(Recorded data)
┏━━

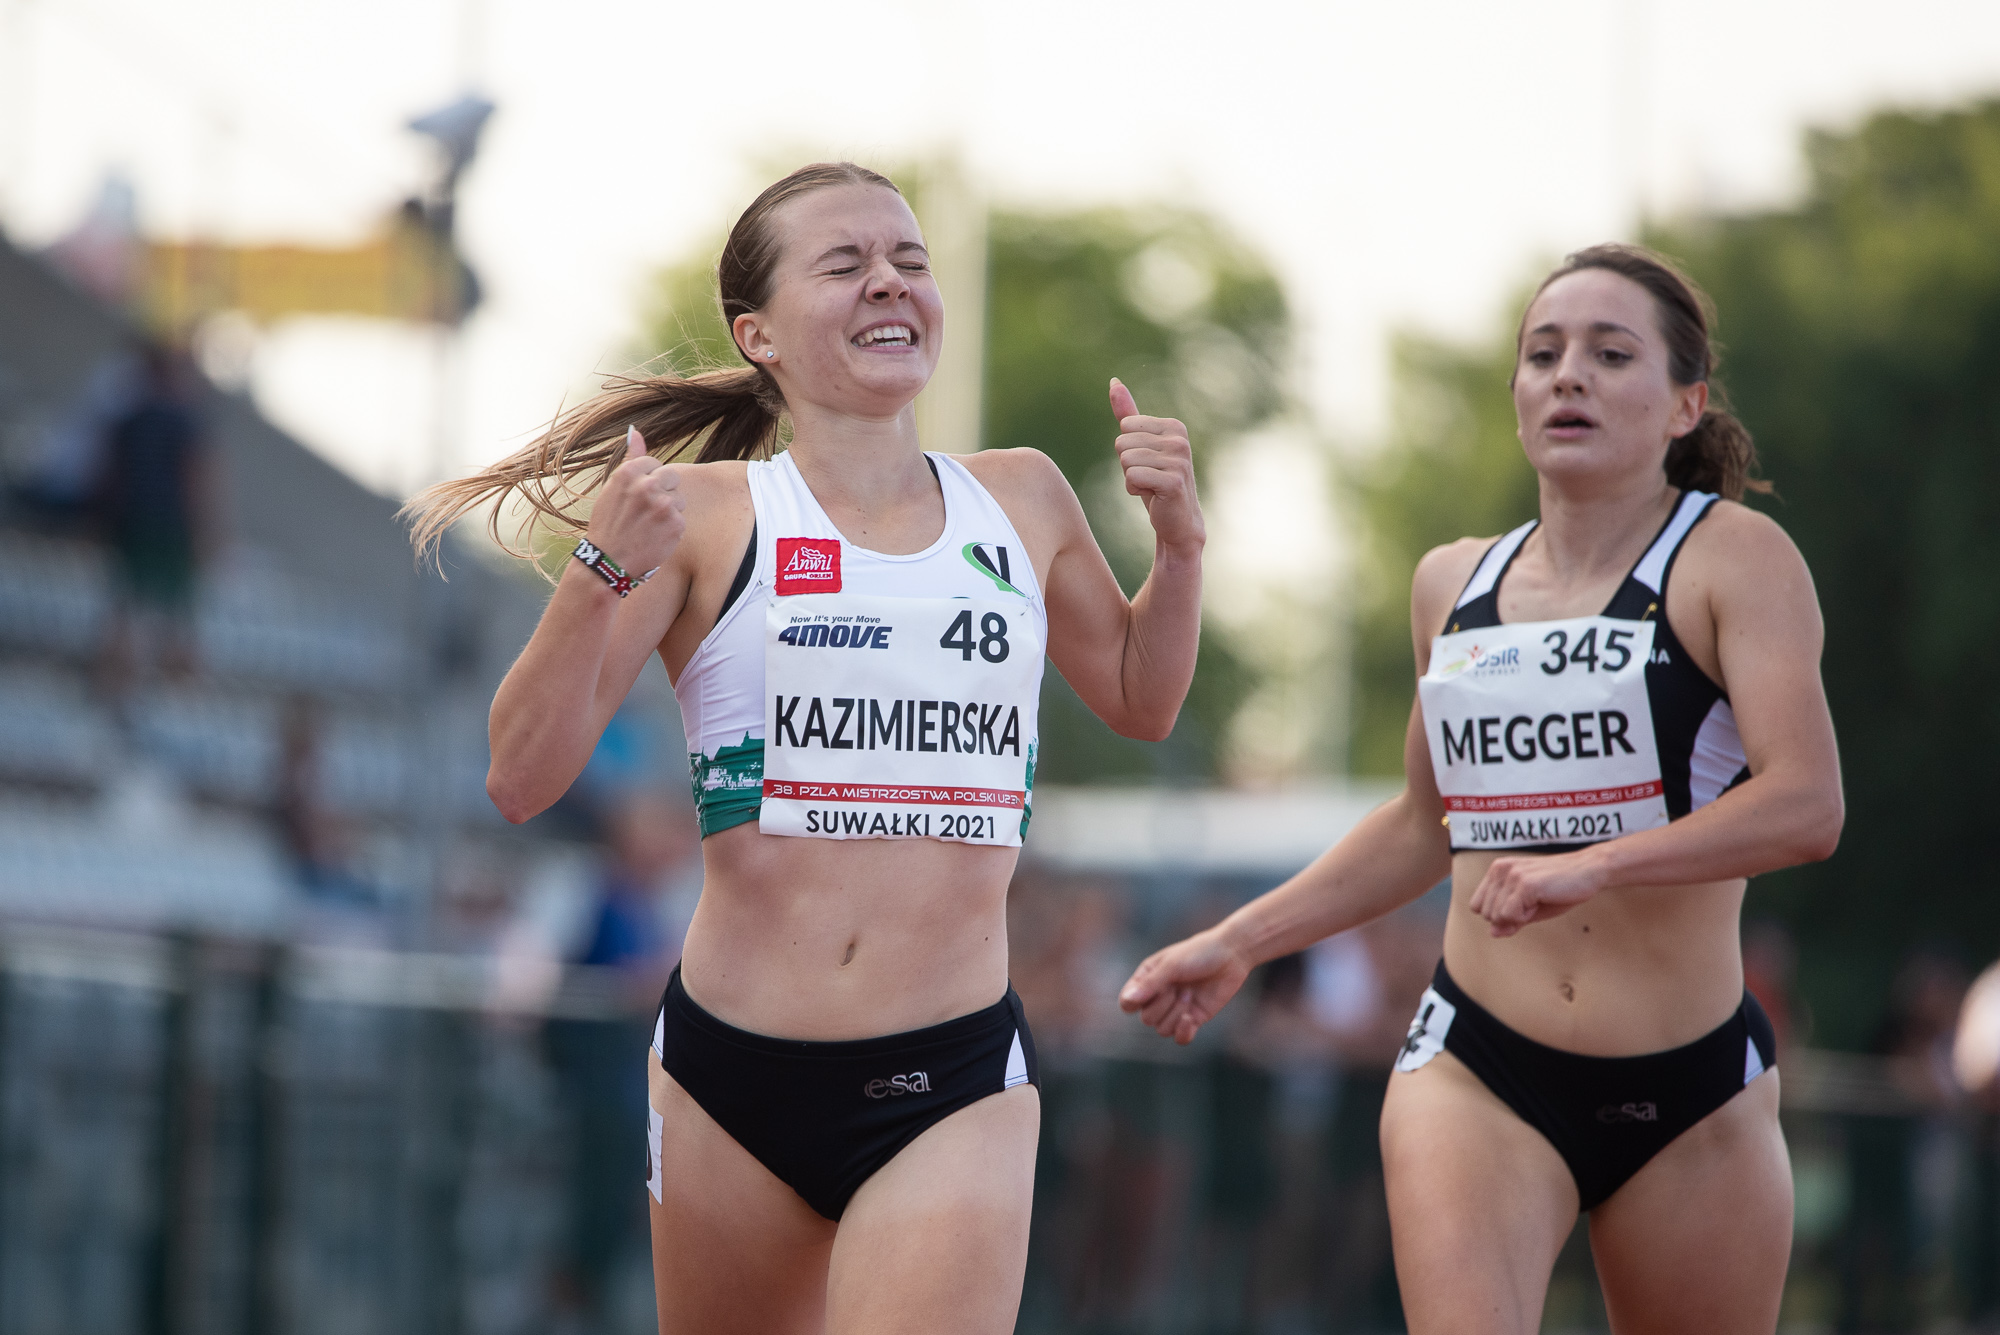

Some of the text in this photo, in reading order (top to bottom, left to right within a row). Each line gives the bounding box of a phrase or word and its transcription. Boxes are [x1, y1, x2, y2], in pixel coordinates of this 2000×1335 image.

[783, 548, 833, 571] Anwil
[784, 573, 807, 581] GRUPA
[790, 615, 881, 625] Now It's your Move
[778, 624, 893, 650] 4MOVE
[939, 610, 1010, 664] 48
[1540, 627, 1635, 675] 345
[775, 695, 1020, 757] KAZIMIERSKA
[1441, 709, 1637, 767] MEGGER
[773, 784, 796, 796] 38.
[799, 786, 839, 797] PZLA
[842, 788, 951, 801] MISTRZOSTWA
[954, 791, 996, 803] POLSKI
[1575, 788, 1622, 805] POLSKI
[1624, 783, 1655, 800] U23
[805, 809, 995, 839] SUWAŁKI 2021
[1470, 812, 1624, 843] SUWAŁKI 2021
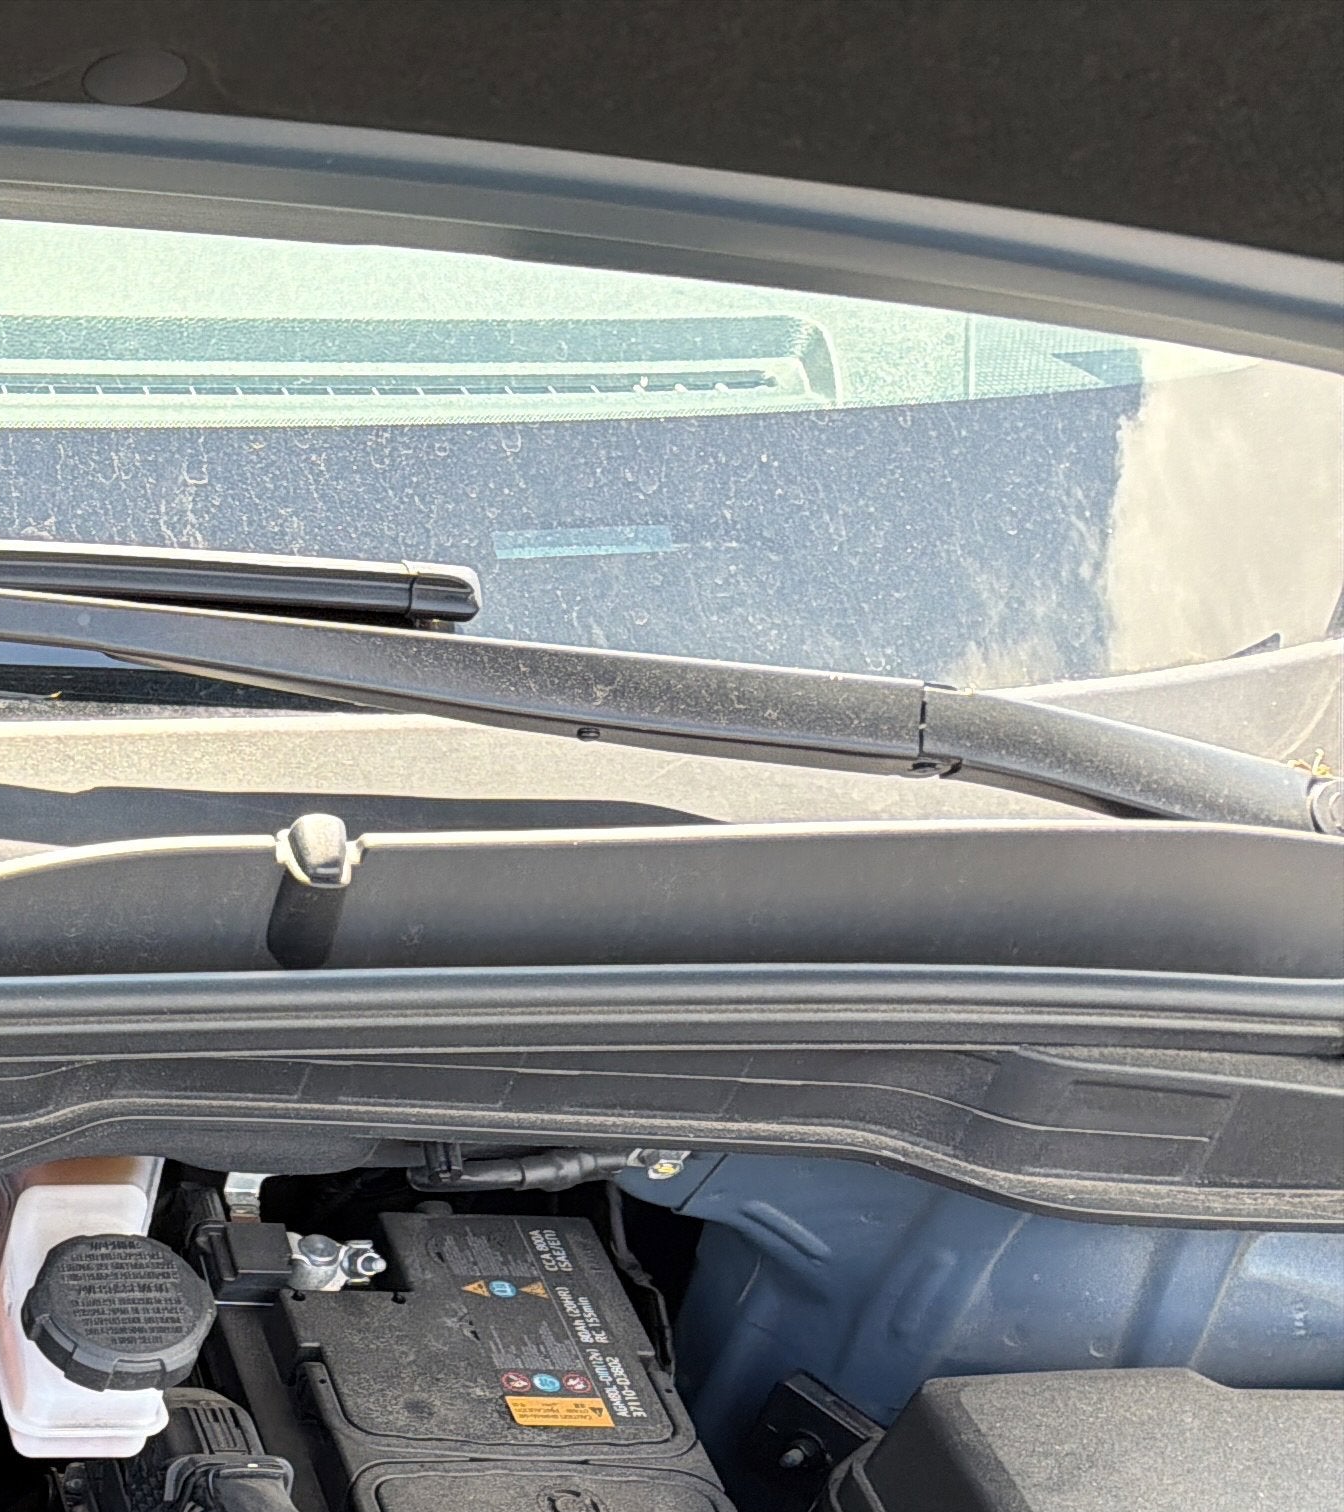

┗━━

> EXERCISE GOAL
Without the pictures, restate each entry exactly.

> ANSWER TO THIS PROBLEM
Some of the text in this photo, in reading order (top to bottom, left to right within a row). Each line gives the bounding box of a phrase or word and its transcription. Boxes are [x1, y1, x2, y2], in pixel coordinates of this 2000×1335 image.

[783, 548, 833, 571] Anwil
[784, 573, 807, 581] GRUPA
[790, 615, 881, 625] Now It's your Move
[778, 624, 893, 650] 4MOVE
[939, 610, 1010, 664] 48
[1540, 627, 1635, 675] 345
[775, 695, 1020, 757] KAZIMIERSKA
[1441, 709, 1637, 767] MEGGER
[773, 784, 796, 796] 38.
[799, 786, 839, 797] PZLA
[842, 788, 951, 801] MISTRZOSTWA
[954, 791, 996, 803] POLSKI
[1575, 788, 1622, 805] POLSKI
[1624, 783, 1655, 800] U23
[805, 809, 995, 839] SUWAŁKI 2021
[1470, 812, 1624, 843] SUWAŁKI 2021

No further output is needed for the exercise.